About this task
Repeat the data exactly as given below, dropping every picture.

Dataset records
======

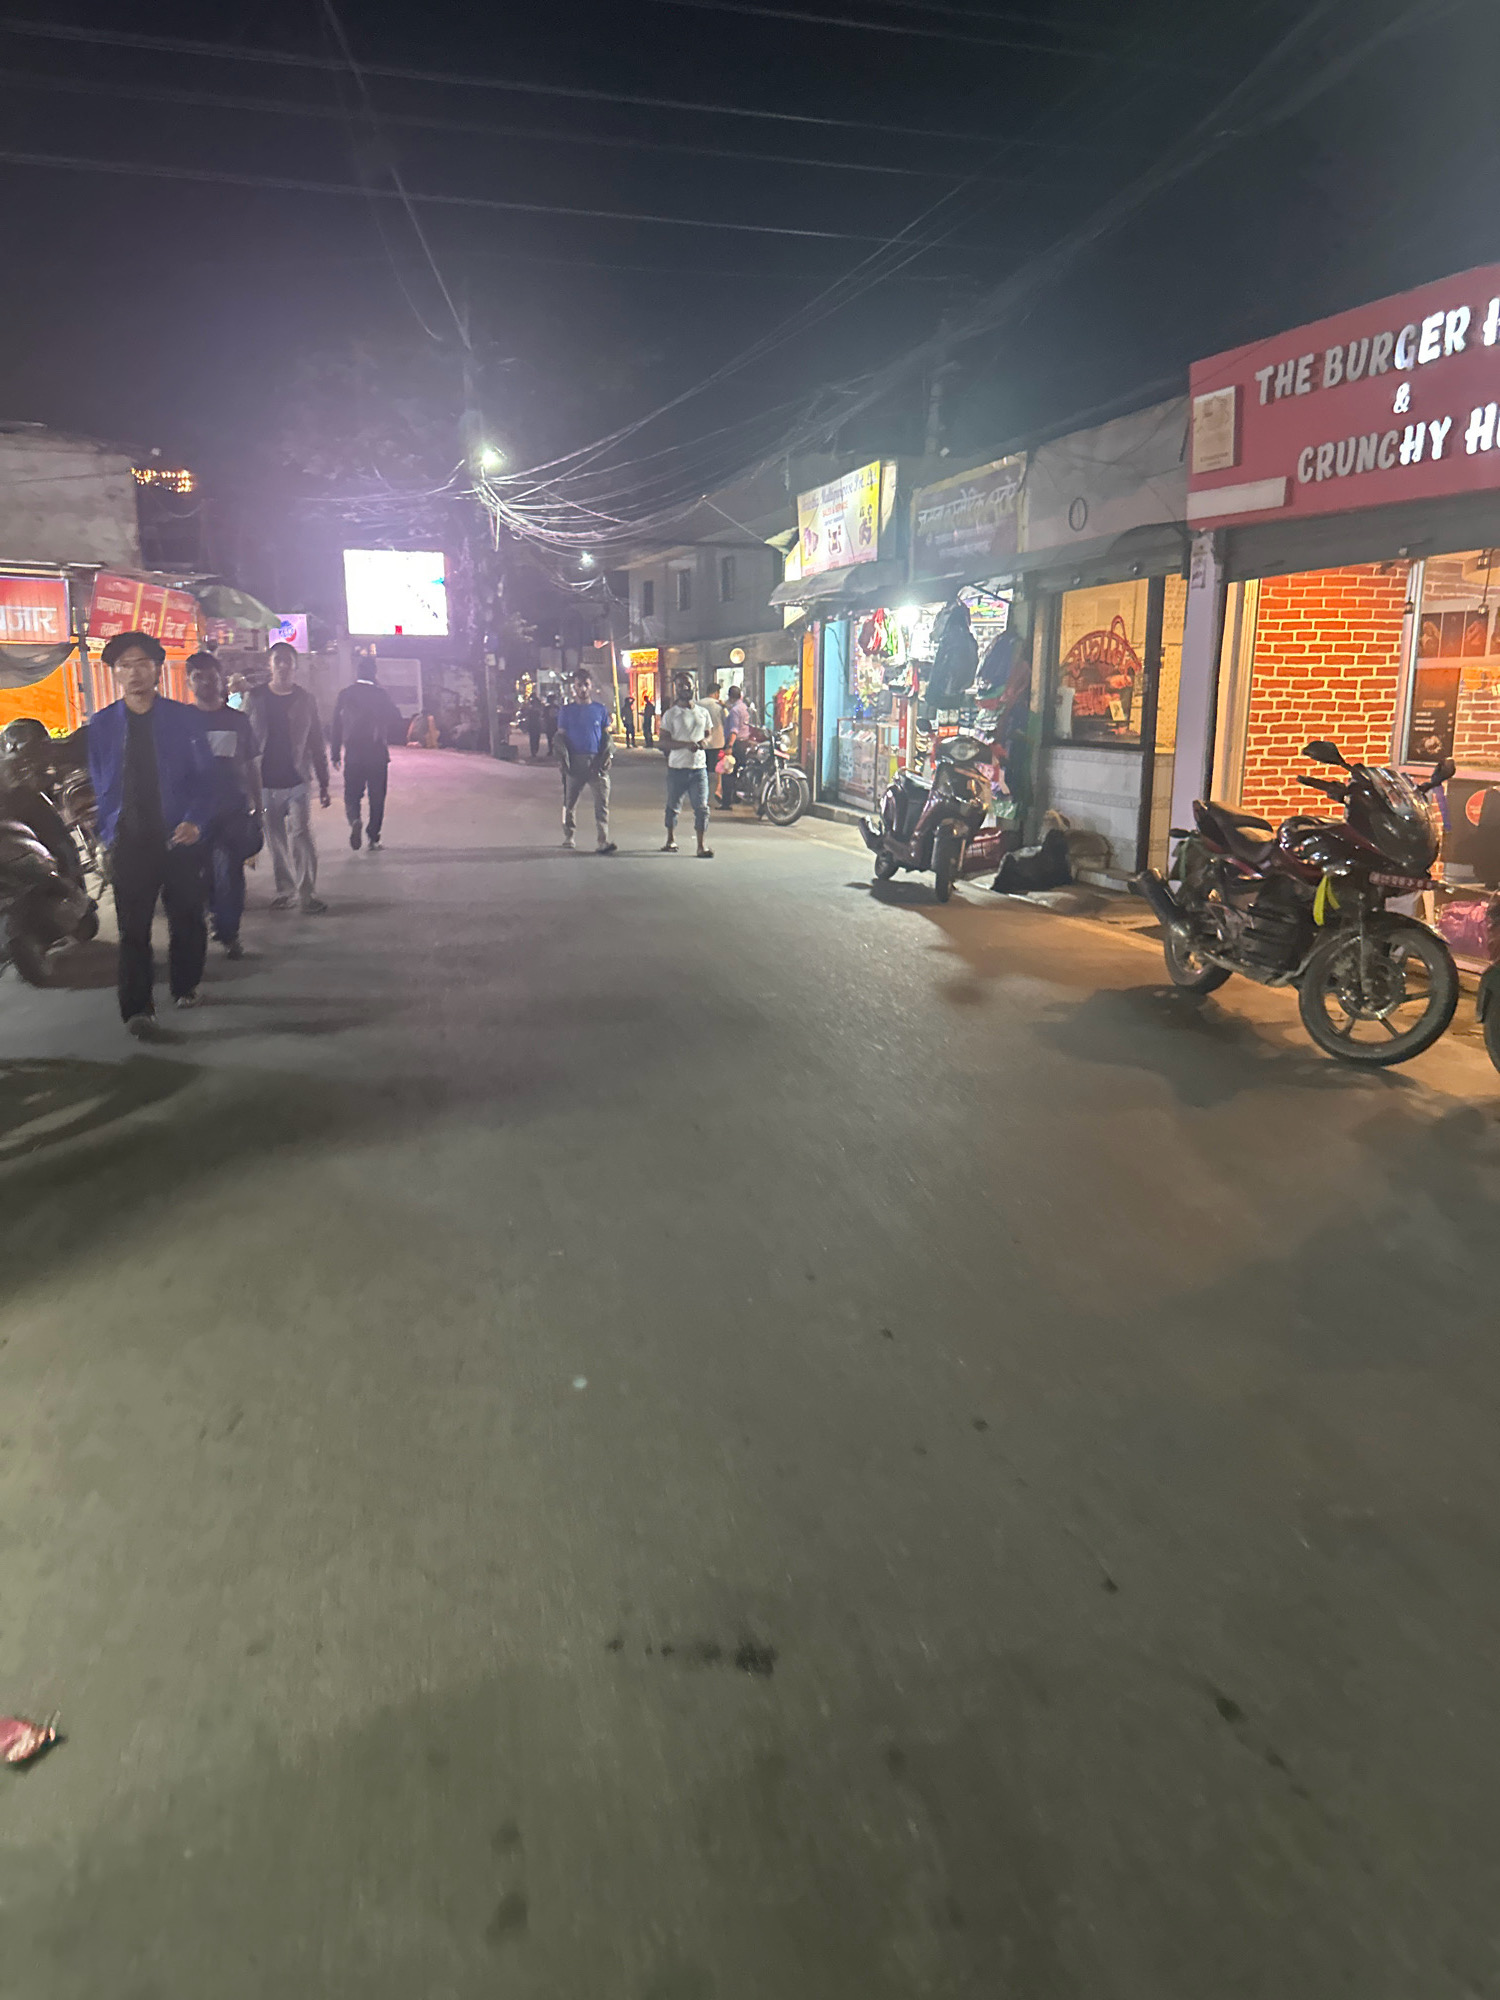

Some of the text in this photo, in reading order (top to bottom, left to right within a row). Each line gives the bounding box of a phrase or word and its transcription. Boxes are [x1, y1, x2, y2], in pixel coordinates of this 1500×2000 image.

[1255, 353, 1314, 405] THE
[1322, 305, 1471, 389] BURGER
[1392, 382, 1411, 415] &
[1297, 402, 1500, 484] CRUNCHY H

======

Solution to the exercise
Some of the text in this photo, in reading order (top to bottom, left to right within a row). Each line gives the bounding box of a phrase or word and its transcription. Boxes are [x1, y1, x2, y2], in pixel coordinates of this 1500×2000 image.

[1255, 353, 1314, 405] THE
[1322, 305, 1471, 389] BURGER
[1392, 382, 1411, 415] &
[1297, 402, 1500, 484] CRUNCHY H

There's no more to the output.